### Annotated photo localization data
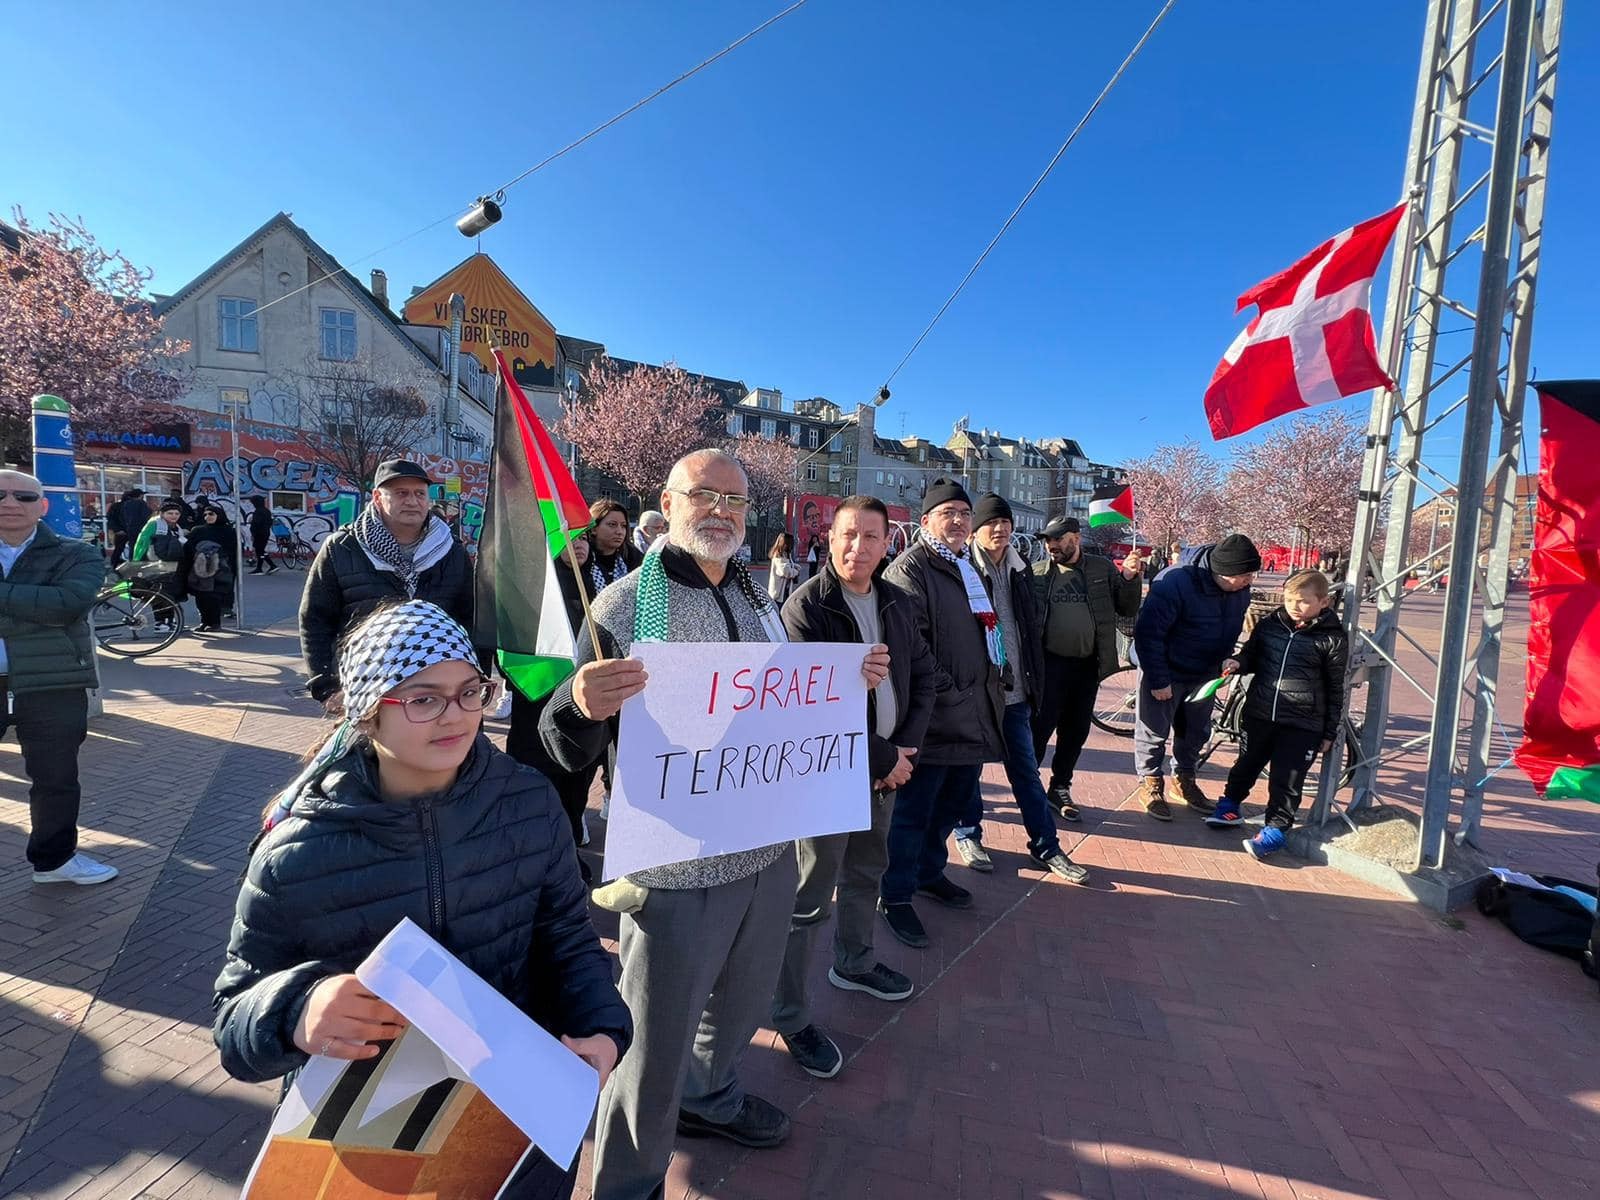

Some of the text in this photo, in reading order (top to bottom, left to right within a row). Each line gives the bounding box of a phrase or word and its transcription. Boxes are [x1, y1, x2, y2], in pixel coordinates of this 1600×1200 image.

[434, 302, 508, 328] VI LSKER
[1051, 590, 1088, 604] adida
[708, 665, 841, 714] ISRAEL
[655, 731, 864, 799] TERRORSTAT

### Task to carry out
Produce a verbatim copy of every entry, excluding pictures.

### Output for this exercise
Some of the text in this photo, in reading order (top to bottom, left to right within a row). Each line gives the bounding box of a phrase or word and its transcription. Boxes are [x1, y1, x2, y2], in pixel coordinates of this 1600×1200 image.

[434, 302, 508, 328] VI LSKER
[1051, 590, 1088, 604] adida
[708, 665, 841, 714] ISRAEL
[655, 731, 864, 799] TERRORSTAT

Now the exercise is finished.